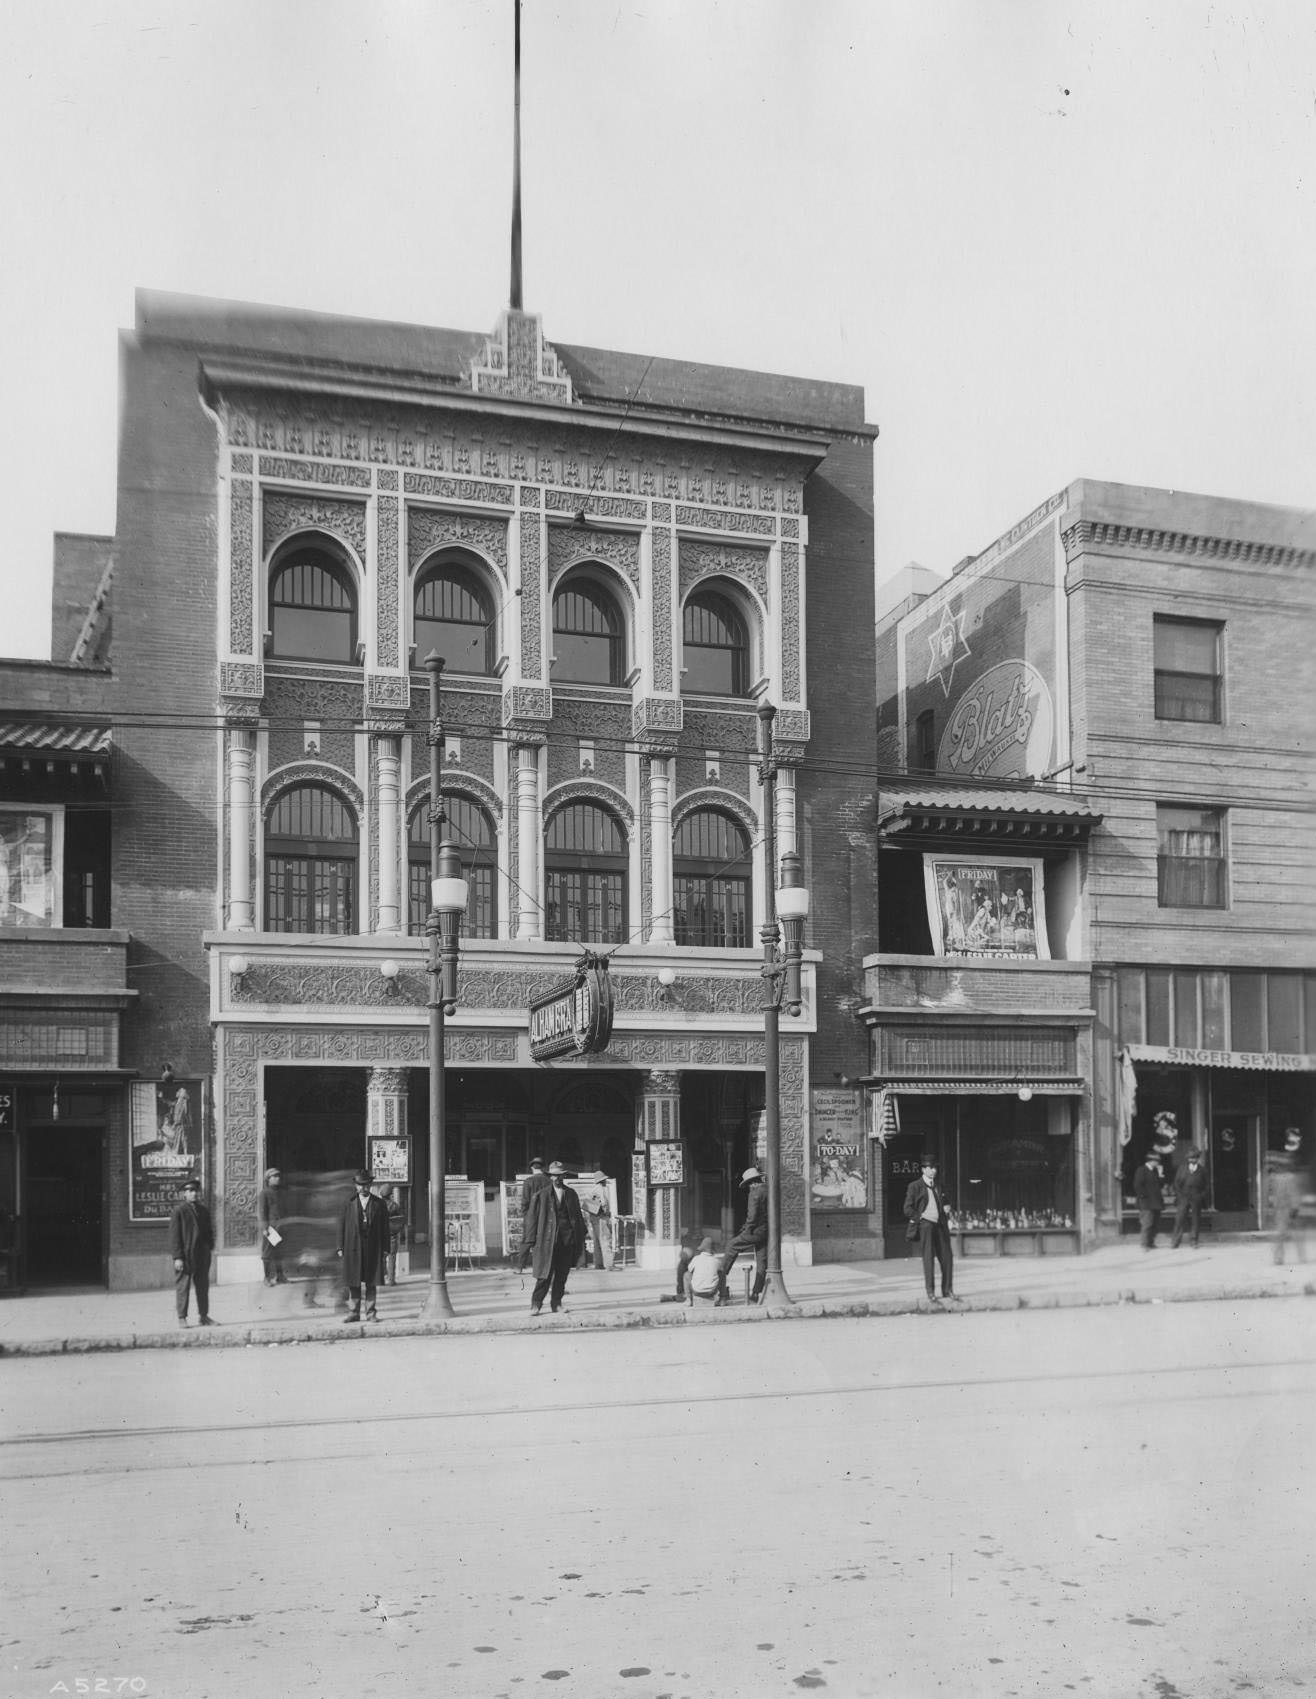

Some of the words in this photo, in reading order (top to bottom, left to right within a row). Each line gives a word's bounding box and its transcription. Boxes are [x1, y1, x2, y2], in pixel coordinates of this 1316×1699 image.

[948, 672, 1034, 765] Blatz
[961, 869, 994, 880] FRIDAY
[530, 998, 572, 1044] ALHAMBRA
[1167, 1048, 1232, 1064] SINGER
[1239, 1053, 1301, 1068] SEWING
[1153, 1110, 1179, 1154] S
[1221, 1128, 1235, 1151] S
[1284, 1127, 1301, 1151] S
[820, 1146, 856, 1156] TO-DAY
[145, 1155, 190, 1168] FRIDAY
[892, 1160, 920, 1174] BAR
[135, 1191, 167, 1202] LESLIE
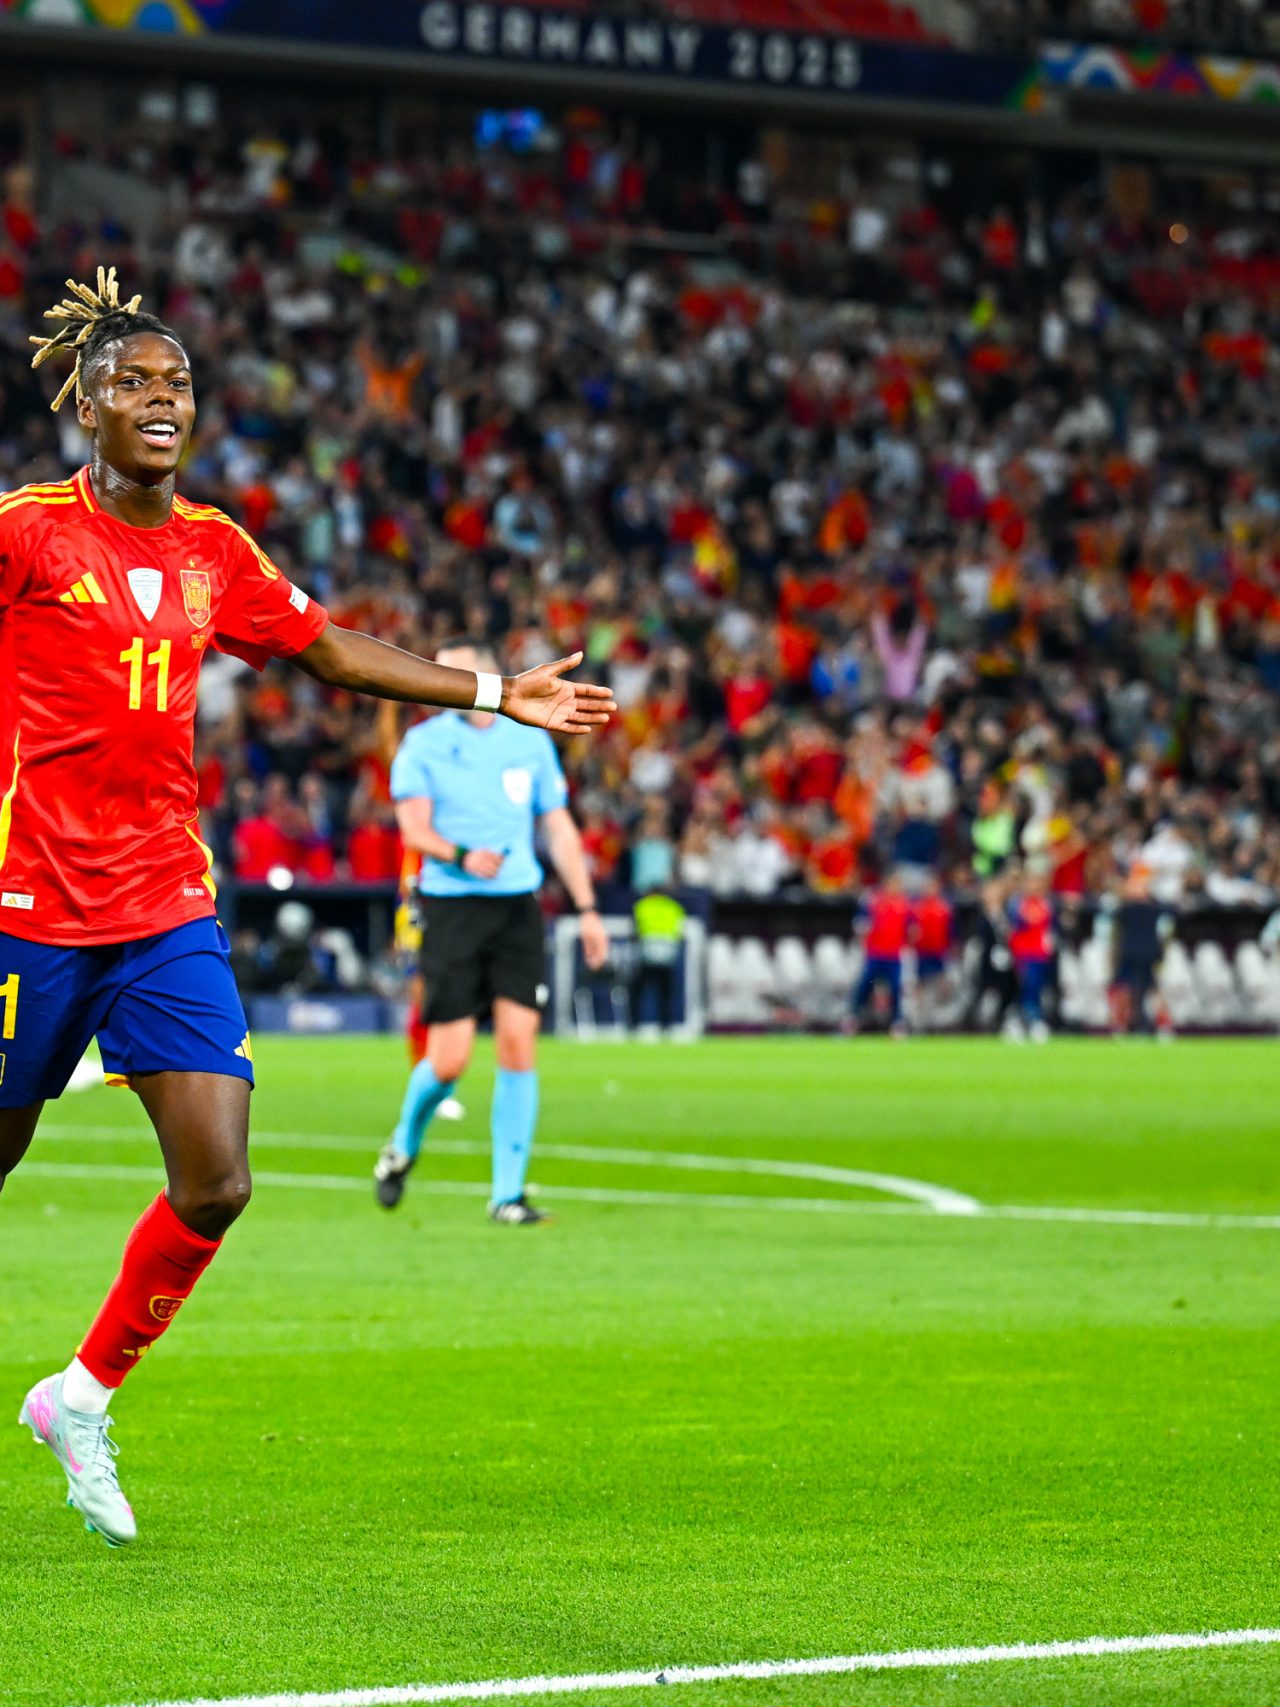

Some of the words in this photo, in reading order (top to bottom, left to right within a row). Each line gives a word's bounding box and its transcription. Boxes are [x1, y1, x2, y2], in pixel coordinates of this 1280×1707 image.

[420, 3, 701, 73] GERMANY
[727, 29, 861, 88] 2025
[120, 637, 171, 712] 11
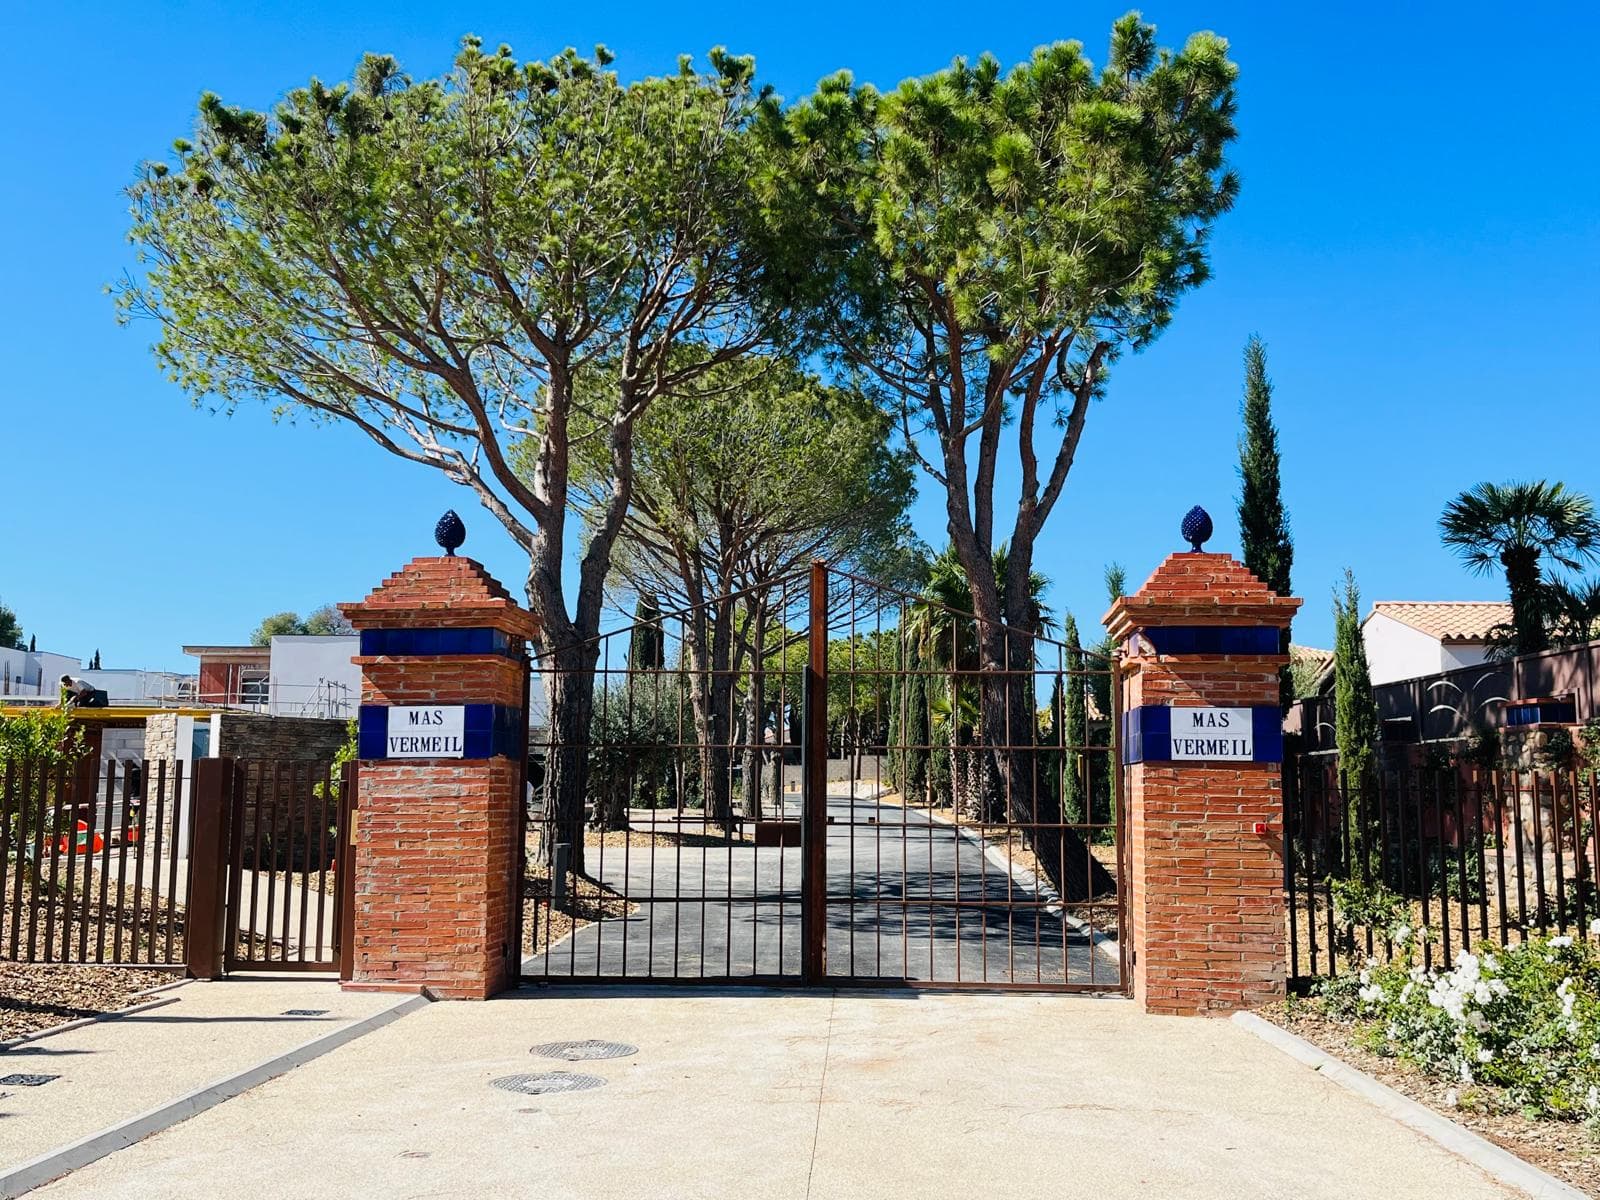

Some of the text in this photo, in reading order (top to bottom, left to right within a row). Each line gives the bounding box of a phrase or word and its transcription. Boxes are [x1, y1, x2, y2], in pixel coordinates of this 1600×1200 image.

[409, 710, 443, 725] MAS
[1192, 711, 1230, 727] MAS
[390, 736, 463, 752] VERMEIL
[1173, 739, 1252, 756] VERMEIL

Activity
Return exactly the lines from the one containing "Some of the text" to the last line of the data, and nothing more.

Task solution
Some of the text in this photo, in reading order (top to bottom, left to right within a row). Each line gives the bounding box of a phrase or word and its transcription. Boxes are [x1, y1, x2, y2], in pixel coordinates of this 1600×1200 image.

[409, 710, 443, 725] MAS
[1192, 711, 1230, 727] MAS
[390, 736, 463, 752] VERMEIL
[1173, 739, 1252, 756] VERMEIL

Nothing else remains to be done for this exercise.